Vertebroplasty and Kyphoplasty

Vertebroplasty for the treatment of VCFs was introduced in the United States in the early 1990s. The procedure is usually done on an outpatient basis, although some patients stay in the hospital overnight. Vertebroplasty takes from one to two hours to perform, depending on the number of vertebrae being treated. The procedure may be performed with a local anesthetic and intravenous sedation or general anesthesia. Using x-ray guidance, a small needle containing specially formulated acrylic bone cement is injected into the collapsed vertebra. The cement hardens within minutes, strengthening and stabilizing the fractured vertebra. Most experts believe that pain relief is achieved through mechanical support and stability provided by the bone cement.
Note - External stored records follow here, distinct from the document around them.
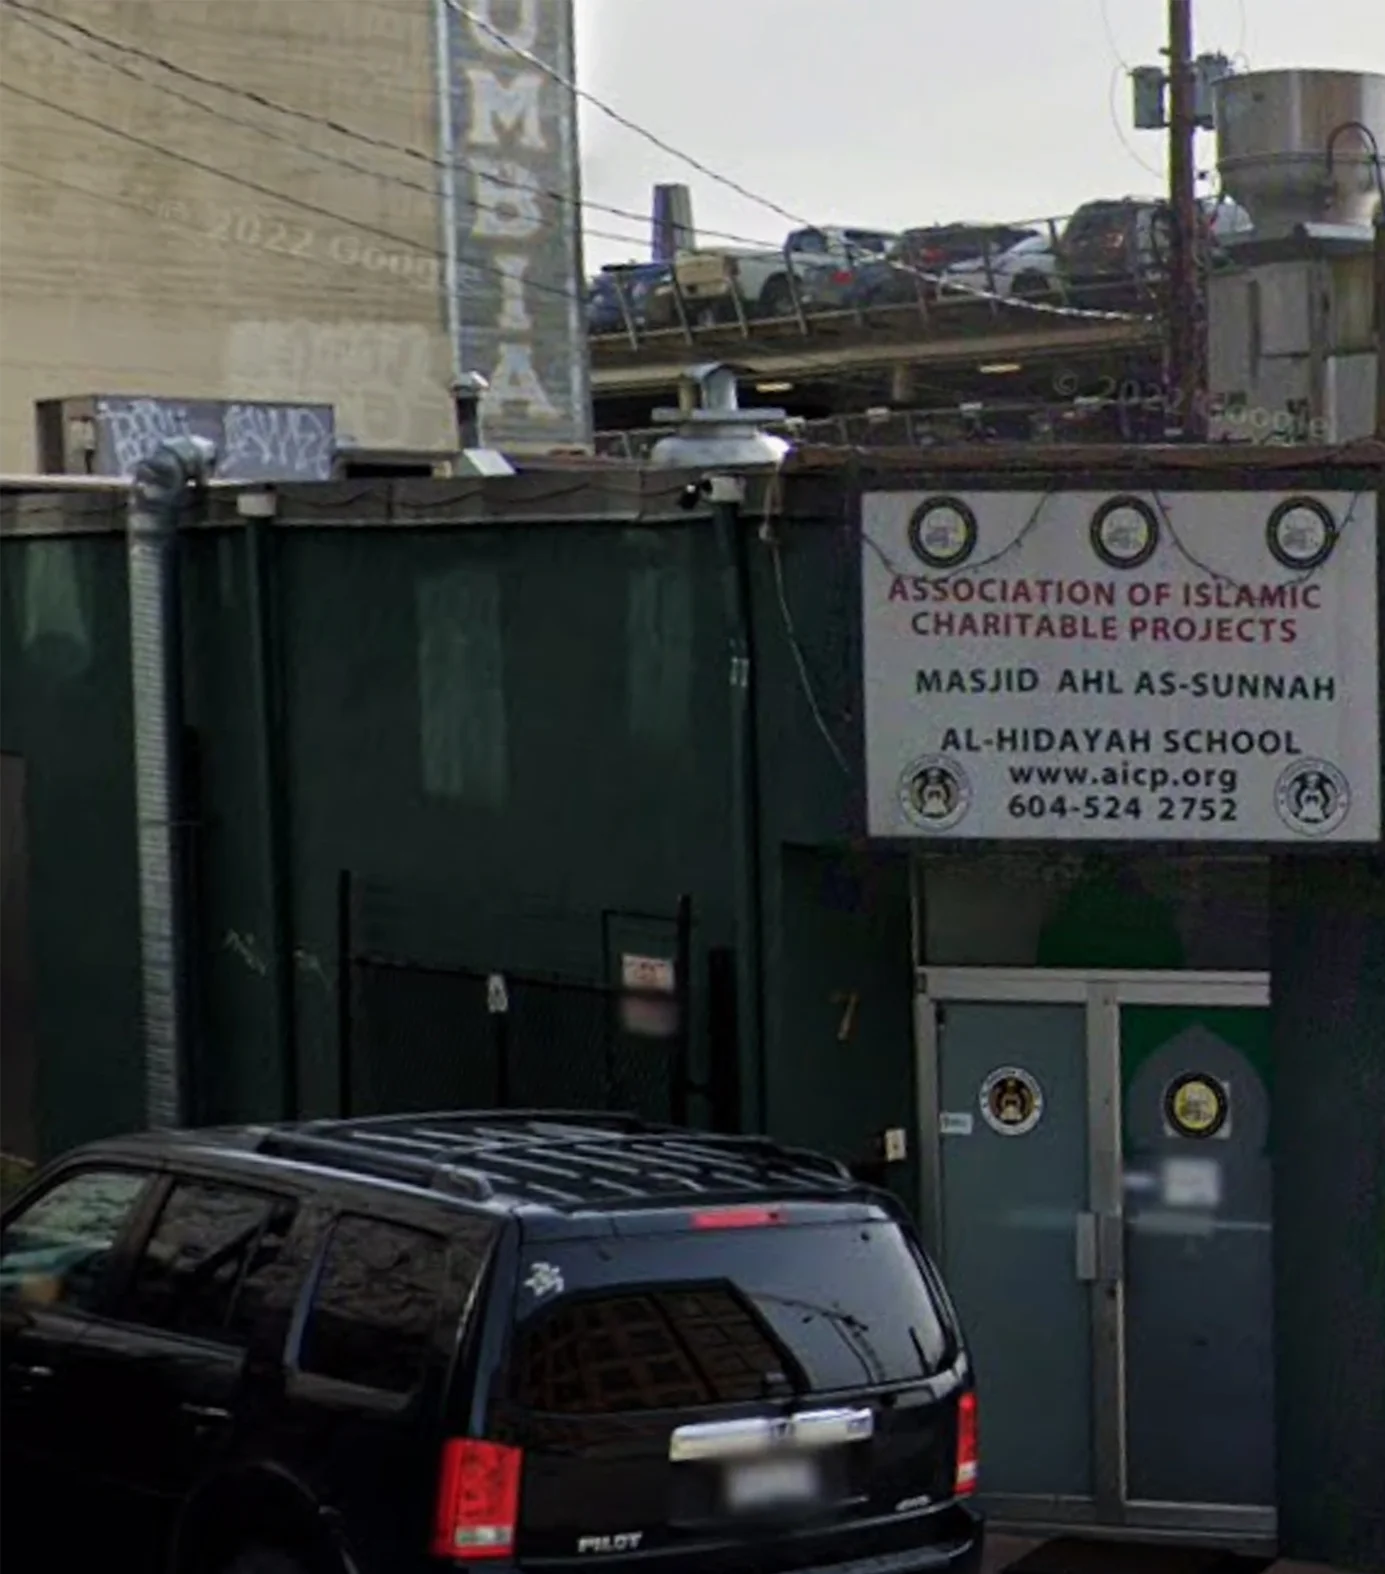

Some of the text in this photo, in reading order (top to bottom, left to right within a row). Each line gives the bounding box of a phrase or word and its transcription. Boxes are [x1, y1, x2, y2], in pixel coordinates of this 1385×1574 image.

[888, 577, 1321, 609] ASSOCIATION OF ISLAMIC
[911, 612, 1297, 643] CHARITABLE PROJECTS
[916, 668, 1335, 701] MASJID AHL AS-SUNNAH
[941, 728, 1302, 754] AL-HIDAYAH SCHOOL
[1008, 761, 1237, 794] www.aicp.org
[1008, 794, 1237, 821] 604-524 2752
A newer procedure, called kyphoplasty, involves an added procedure performed before the cement is injected into the vertebra. First, two small incisions are made and a probe is placed into the vertebral space where the fracture is located. The bone is drilled and one balloon (called a bone tamp) is inserted on each side. The two balloons are then inflated with contrast medium (which are visualized using image guidance x-rays) until they expand to the desired height and removed. The spaces created by the balloons are then filled with the cement. Kyphoplasty has the added benefit of restoring height to the spine.
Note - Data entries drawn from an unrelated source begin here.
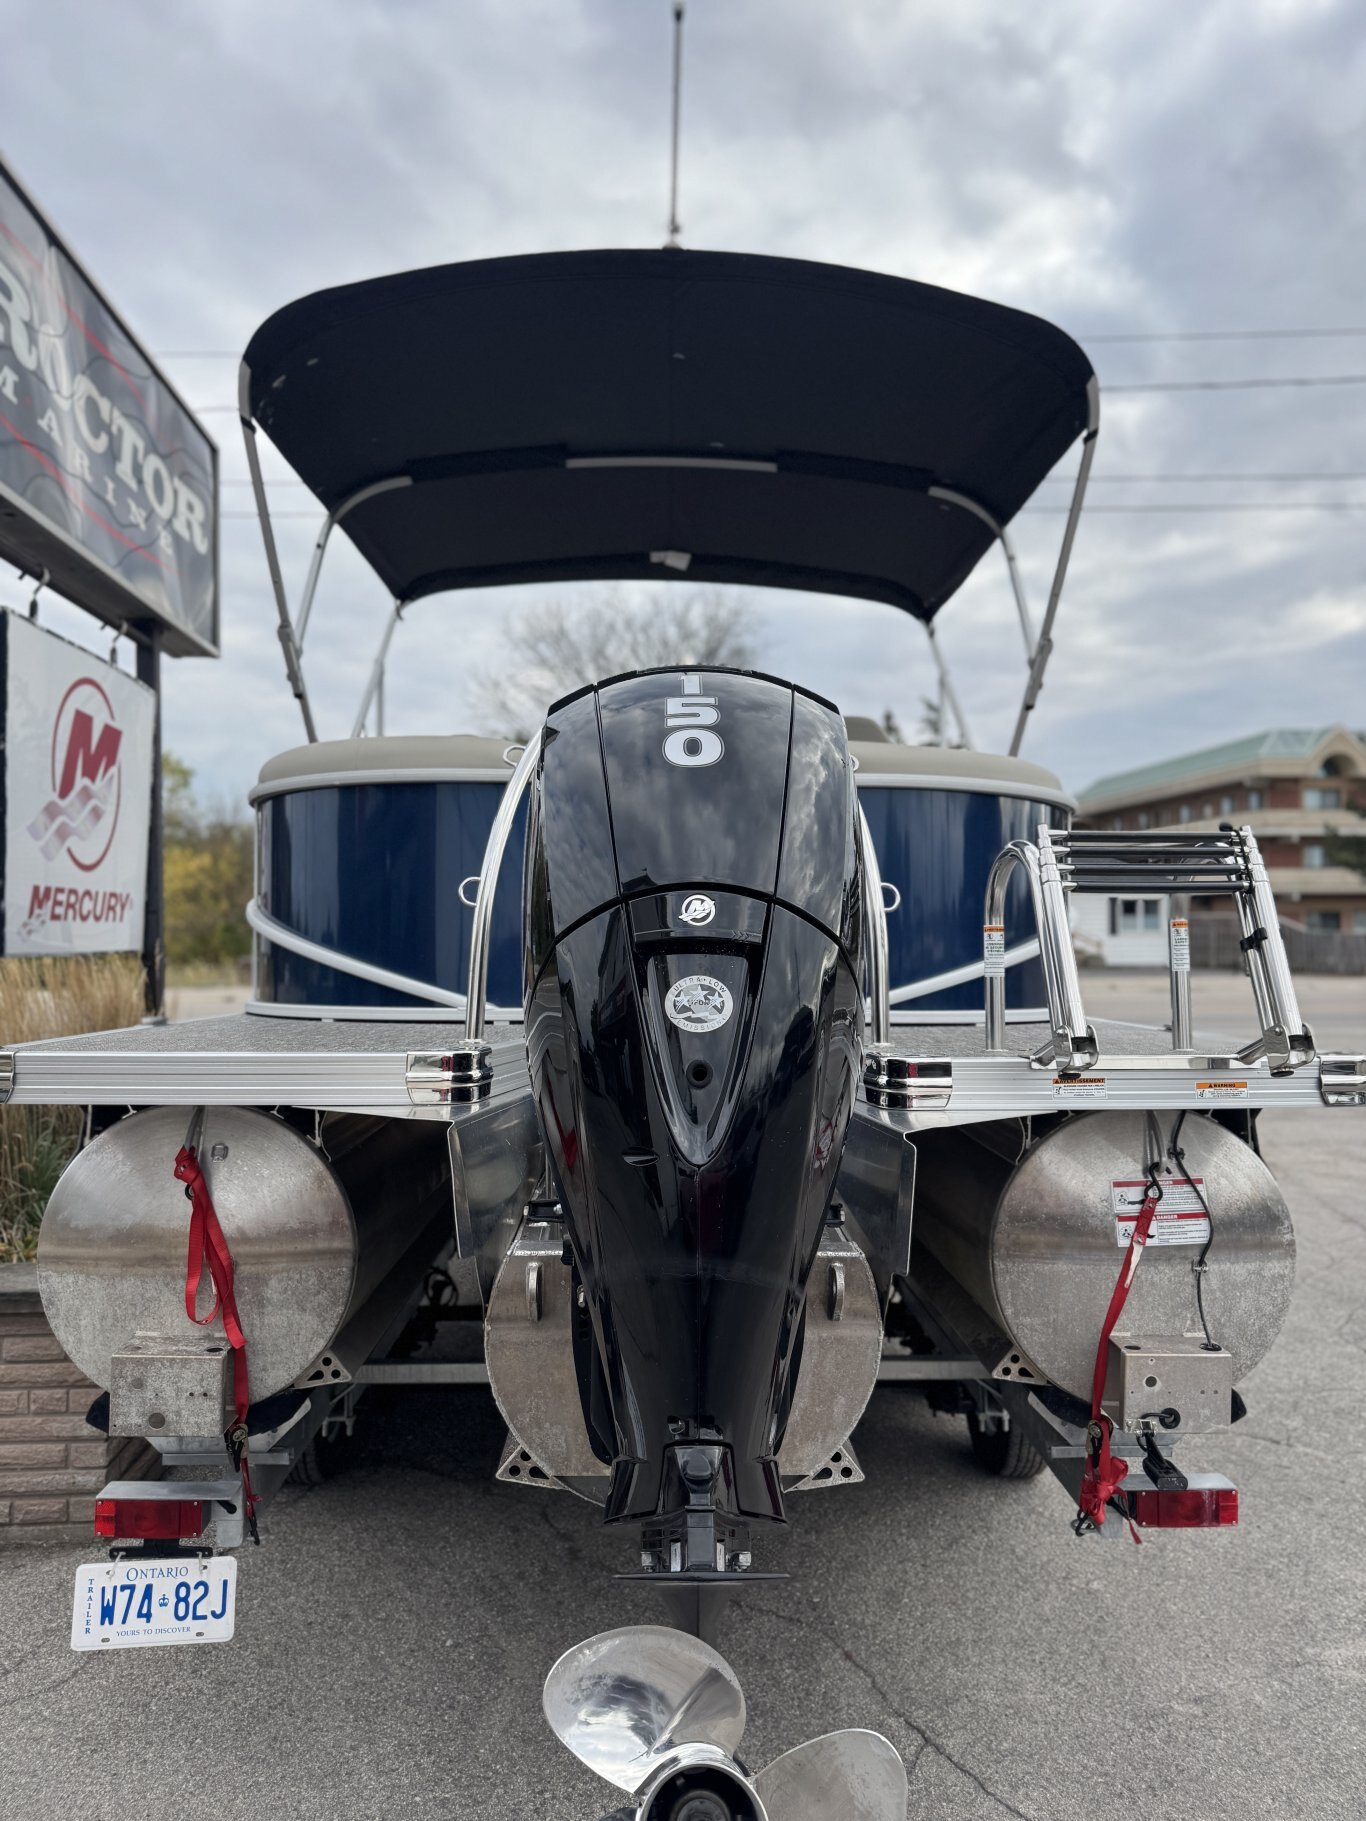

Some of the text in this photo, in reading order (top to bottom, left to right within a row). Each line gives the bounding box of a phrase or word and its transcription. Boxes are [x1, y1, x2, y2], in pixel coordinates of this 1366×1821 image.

[662, 674, 724, 767] 150
[28, 885, 130, 922] MERCURY
[126, 1566, 189, 1582] ONTARIO
[84, 1578, 95, 1635] TRAILER
[116, 1629, 140, 1637] YOURS
[155, 1626, 191, 1635] DISCOVER
Patients with the following criteria may be considered candidates for vertebroplasty or kyphoplasty:

  • Osteoporotic VCFs in any area of the spine that have been present for more than two weeks, causing moderate to severe pain, and unresponsive to conservative therapy
  • Painful metastases and multiple myelomas
  • Painful vertebral hemangiomas (benign, malformed vascular tumors composed of newly formed blood vessels)
  • Vertebral osteonecrosis (a condition resulting from poor blood supply to an area of bone, which causes bone death)
  • Reinforcement of a pathologically weak vertebral body before a surgical stabilization procedure

Patients with any of the following criteria should not undergo these procedures:

  • A VCF that is completely healed or is responding effectively to conservative therapy
  • A VCF that has been present for more than one year
  • Greater than 80 to 90 percent collapse of the vertebral body
  • Spinal curvature such as scoliosis or kyphosis that is due to causes other than osteoporosis
  • Spinal stenosis or herniated discs with nerve or spinal cord compression and loss of neurological function not associated with a VCF
  • Untreated coagulopathy (a disease or condition affecting the blood's ability to coagulate)
  • Osteomyelitis (an inflammation of the bone and bone marrow, usually caused by bacterial infection)
  • Discitis (nonbacterial inflammation of an intervertebral disc or disc space)
  • Significant compromise of the spinal canal caused by impeding bone fragment or tumor

Complication rates for vertebroplasty and kyphoplasty have been estimated at less than 2 percent for osteoporotic VCFs and up to 10 percent for malignant tumor-related VCFs. The benefits of surgery should always be weighed carefully against its risks. Although a large percentage of patients report significant pain relief after these two procedures, there is no guarantee that surgery will help every individual.